This summer, I camped in the book of Isaiah. It was eerie how the prophet matched my life in terms of polarities: joy and sorrow, triumph and tragedy, hope and despair. One passage in particular, Isaiah 43:1-7, captured my many twists and turns.
“Fear not, for I have redeemed you; I have called you by name, you are mine.”
It is easy to fall into fear when hard times occur: when a man randomly walks into my former university and shoots three students; when past InterVarsity president Steve Hayner is diagnosed with pancreatic cancer; when the chancellor of the California State System (CSU) rejects our final appeal and derecognizes our 23 chapters.
But the Lord tells us not to fear. Why? Because we are His children. Why? Because He has redeemed us. Why? Because He is sovereign.
I wish that I could understand exactly how this works. Frankly, I don’t. But I accept His imperative to be people of courage in the face of opposition, missional in the face of headwinds, and faithful in the face of discouragement.
With Us Through Tough Times
“When you pass through the waters, I will be with you; and through the rivers, they shall not overwhelm you; when you walk through fire you shall not be burned, and the flame shall not consume you.”
Passing through floods and fires is no joy. When a chapter leader is persecuted, no Teflon-proof garment eliminates the sting of rejection. When a sibling dies - as mine did last spring - there is no elimination of sorrow. When an InterVarsity Press book is subjected to unfair “friendly fire” from a fellow Christian, there is no masking the hurt.
But the Lord promises His presence when we are in pain: “I will be with you . . . the flame shall not consume you.” In the midst of our campus access struggles, the Lord sent a surprisingly positive front-page New York Times article, ministry allies and a number of new high-capacity supporters.
A few years ago, I had dinner with an InterVarsity alumnus. When I mentioned Isaiah 43, his eyes welled up. At 17, he was driving his older brother from their home on the Navajo reservation in Arizona to Denver. He blanked out, the car flipped, his brother died, and he was seriously hurt. Providentially, the first people on the scene were an off-duty doctor and ER nurse.

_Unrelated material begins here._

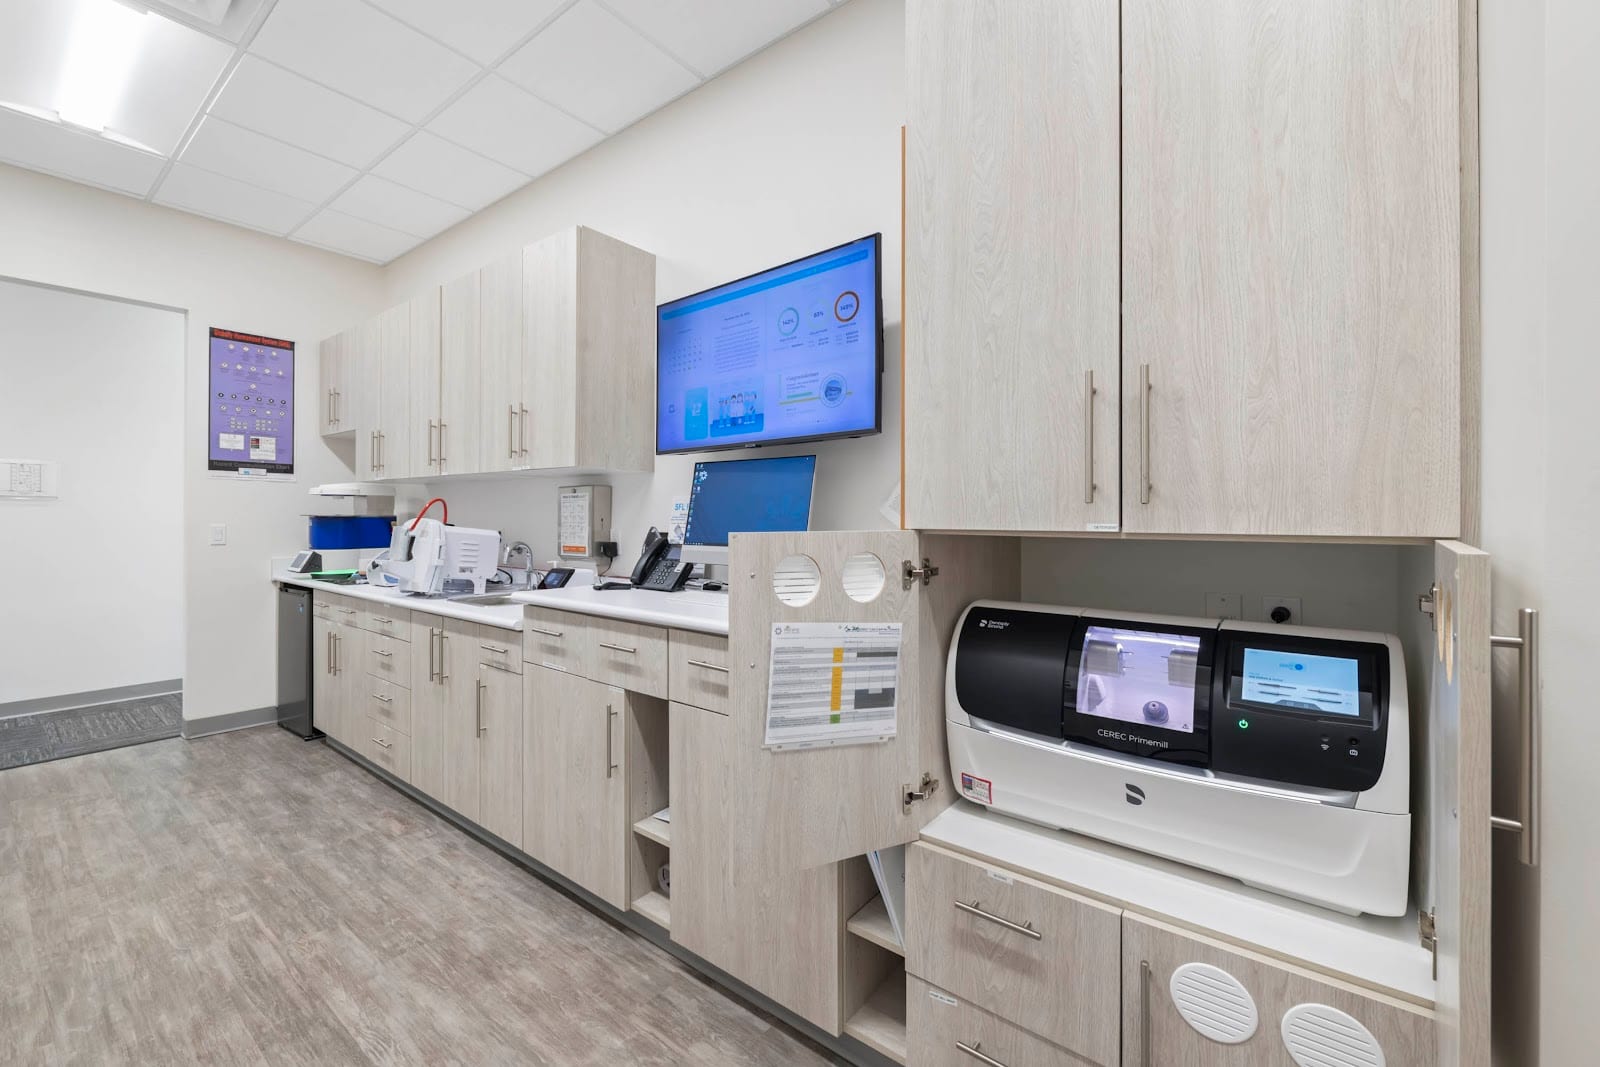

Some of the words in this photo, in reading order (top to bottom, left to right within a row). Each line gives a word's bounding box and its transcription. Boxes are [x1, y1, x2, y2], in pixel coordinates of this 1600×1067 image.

[674, 503, 685, 511] SFL
[1097, 728, 1127, 741] CEREC
[1128, 734, 1169, 749] Primemill

For two years, he had no memory of the event. Then, at a student conference at Campus by the Sea, it all hit him. For the next year, he told me, “I barely hung on to my sanity. But I read Isaiah 43 every day.” Through the Lord’s Word, the Holy Spirit, and a supportive faith community, he slowly made it through the fire.
Precious in His Eyes
“For I am the Lord your God, the Holy One of Israel, your Savior. . . . Because you are precious in my eyes, and honored, and I love you, I give men in return for you, peoples in exchange for your life.”

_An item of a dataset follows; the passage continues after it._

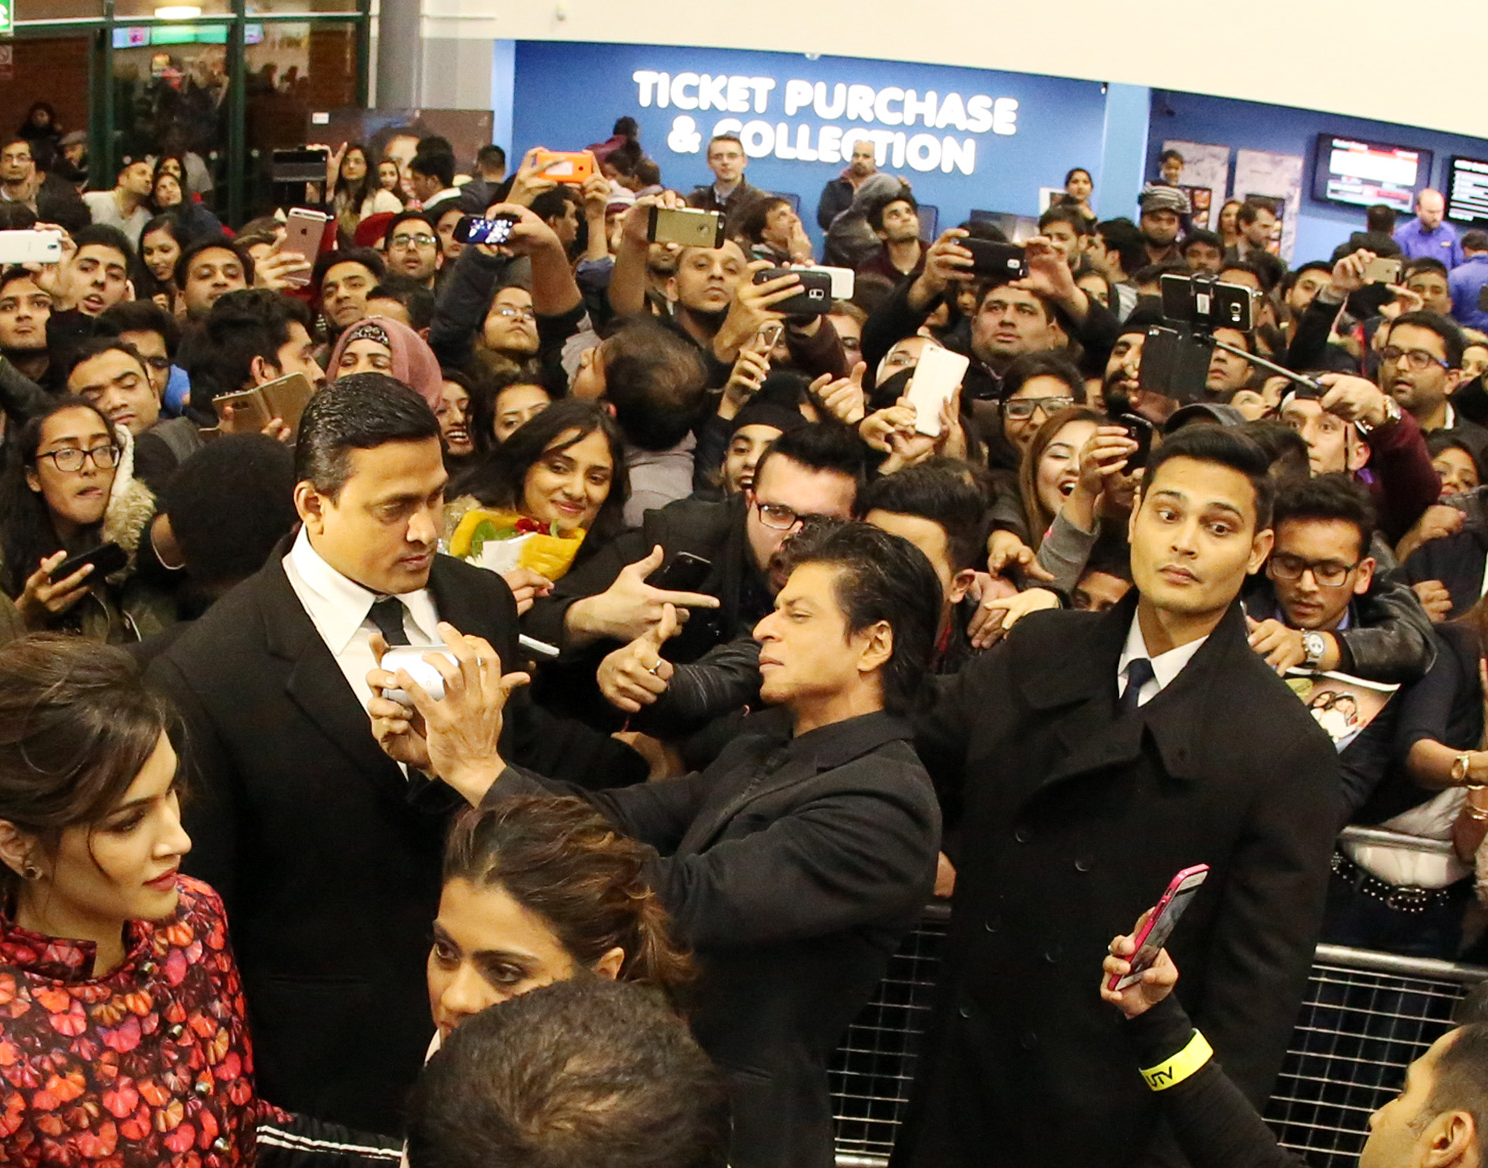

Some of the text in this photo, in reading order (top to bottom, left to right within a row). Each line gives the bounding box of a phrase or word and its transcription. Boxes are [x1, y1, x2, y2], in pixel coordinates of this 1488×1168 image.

We must never forget that the Lord is our “savior”—not just in the heaven-after-death sense, but in the right-now-life-in-the-mud sense. And we must never forget that He loves and honors us. As Isaiah reminds us, we are the apple of his eye.

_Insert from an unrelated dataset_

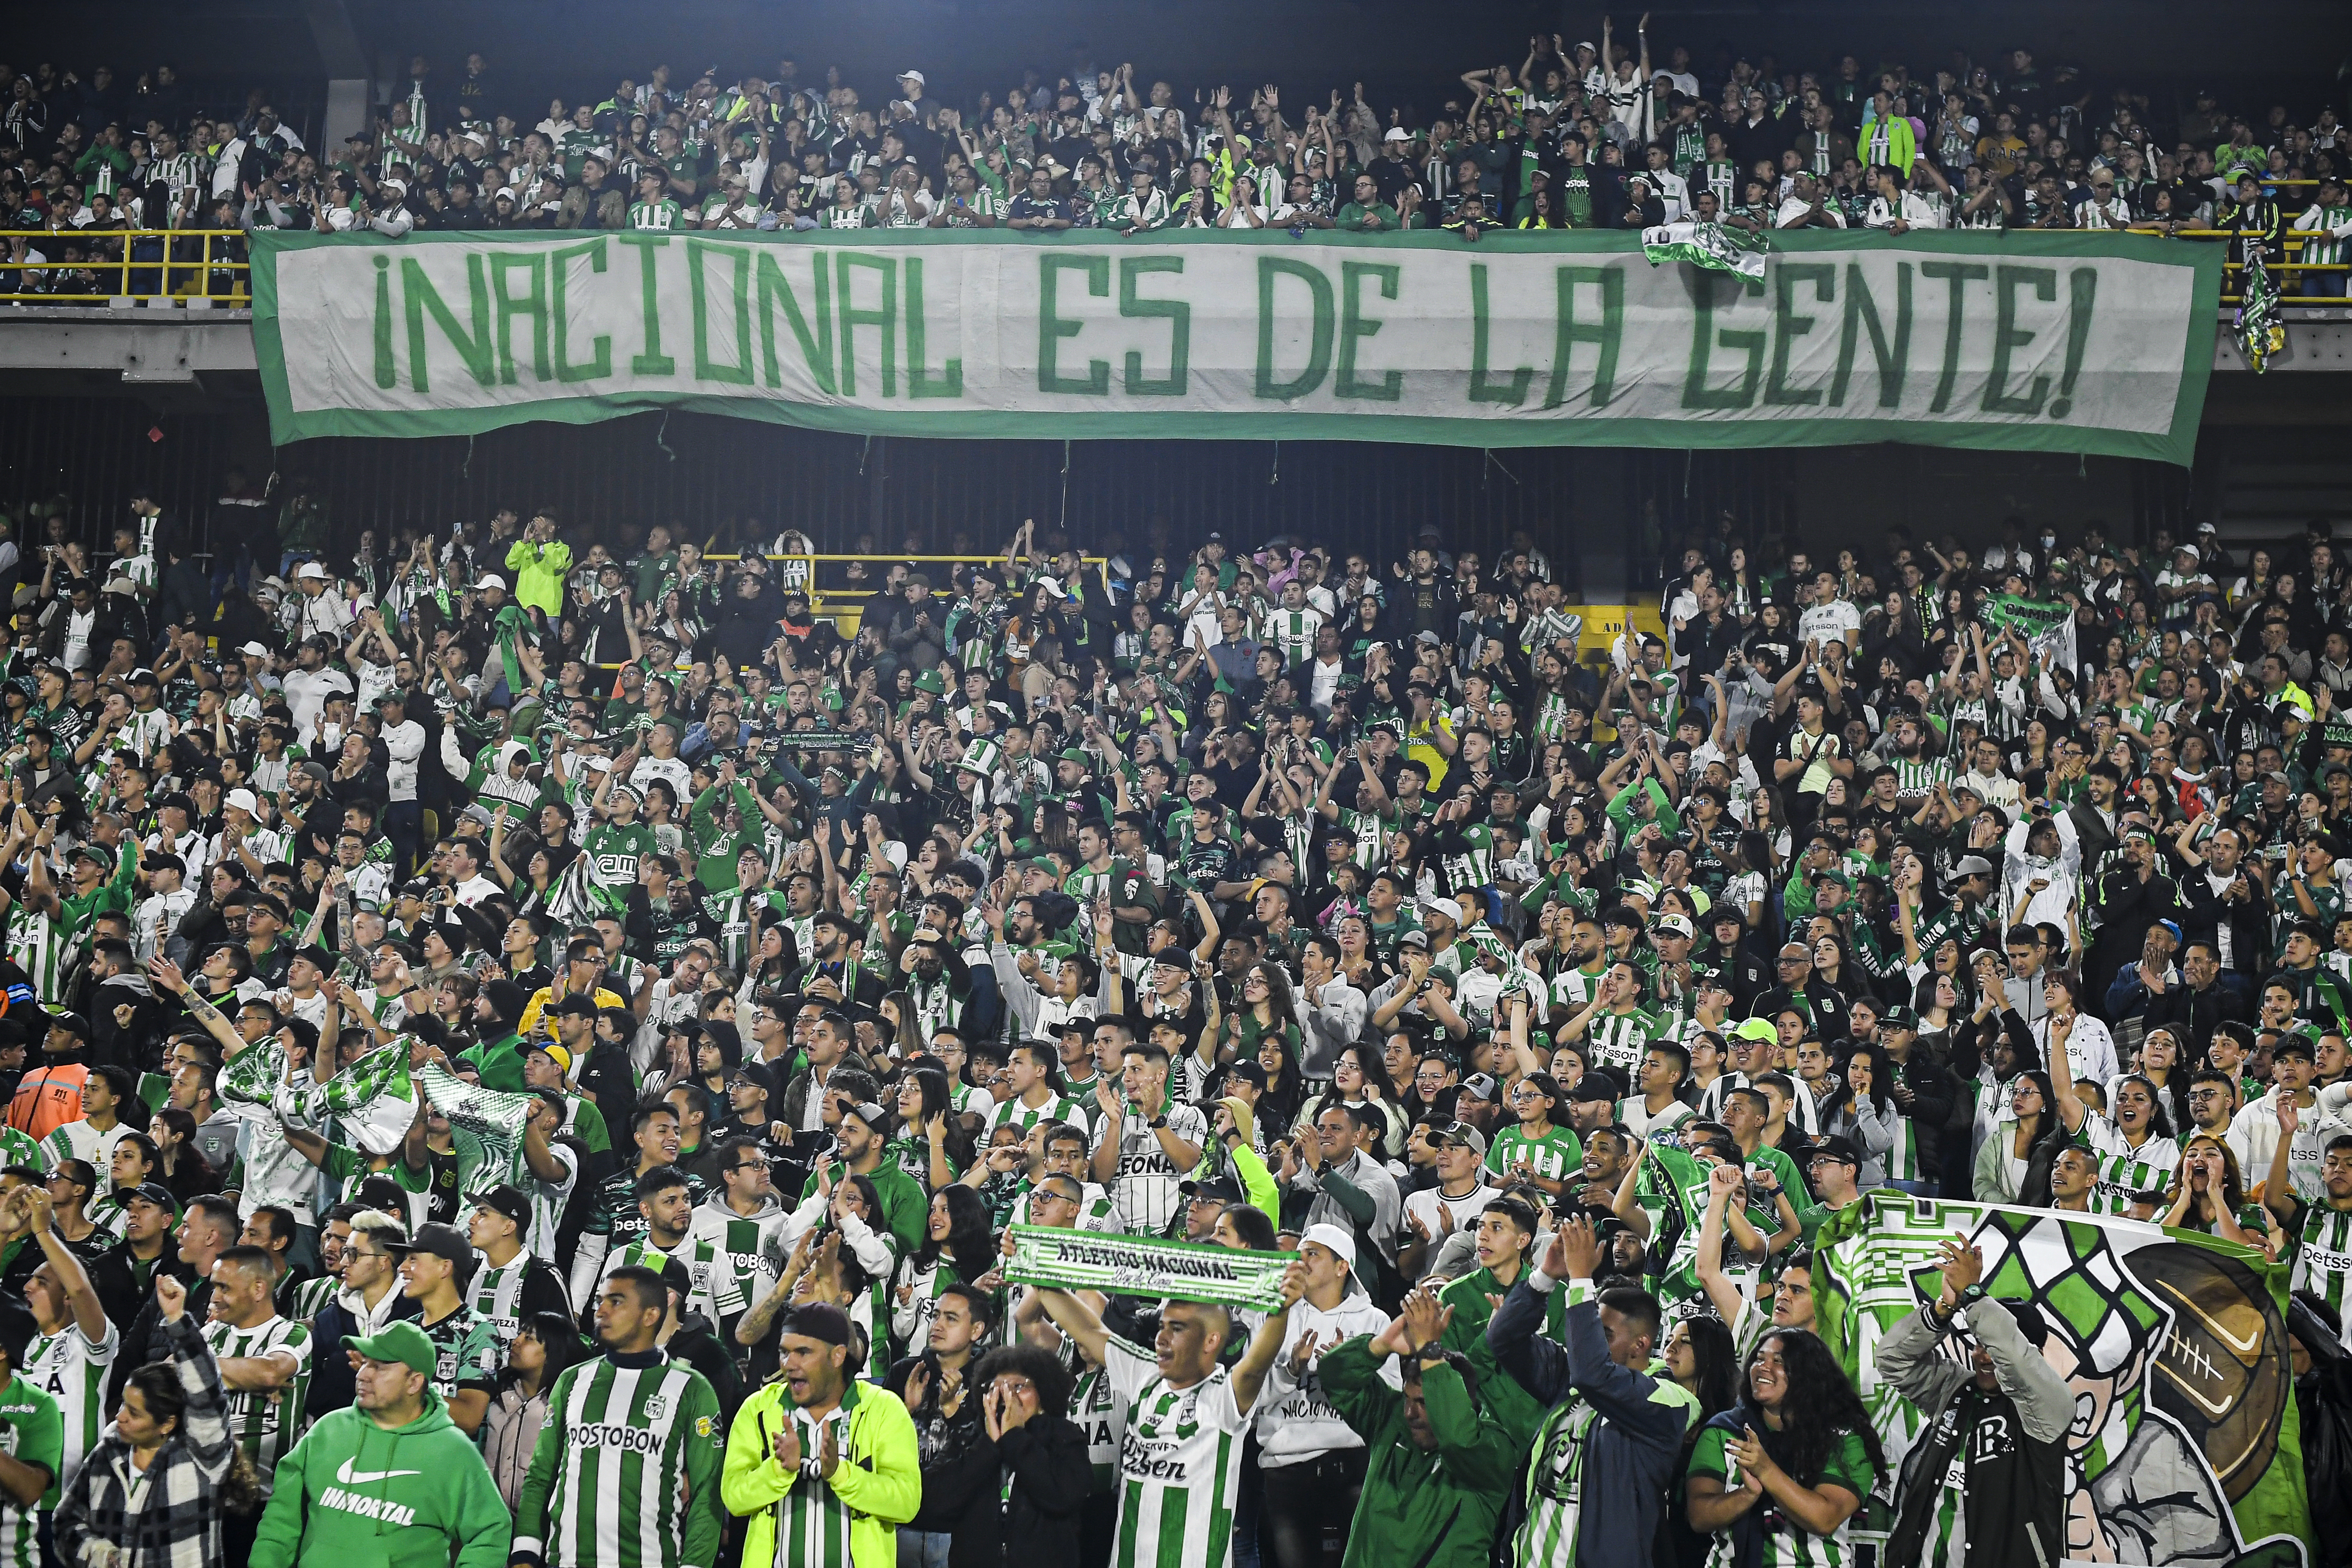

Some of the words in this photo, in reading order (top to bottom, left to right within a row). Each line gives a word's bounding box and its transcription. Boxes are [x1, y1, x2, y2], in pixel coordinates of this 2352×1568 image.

As such, I believe that the Lord will do amazing things this year on a whole variety of campuses. This includes those where our chapters have been derecognized—not just at the Cal State schools, but at Bowdoin, Vanderbilt, Rollins, and Tufts as well. Look for strong chapter leaders to emerge and for missional disciples to be developed. Just as Isaiah called a righteous remnant to emerge in his day, so we call students and faculty to form countercultural communities of truth, holiness, justice, and love.
Created for His Glory
“. . . everyone who is called by my name, whom I created for my glory, whom I formed and made.”
The Westminster Confession reminds us that we have been created to live for God’s glory, not our own. Surprisingly - and paradoxically - when we die to self, joy abounds and fear recedes.
And so, as a community, we rejoice at His abundance this past year as we experienced all-time high numbers of core students, faculty, new believers, and staff. In our 73-year history, we have never experienced such abundance. To Him be all glory.
As we live on the edges of Isaiah 43, we are reminded to fear not, to live in His presence, to revel in His care, and to live for His glory. For it is often in turbulent times, when we are humble and dependent, that He astounds us the most.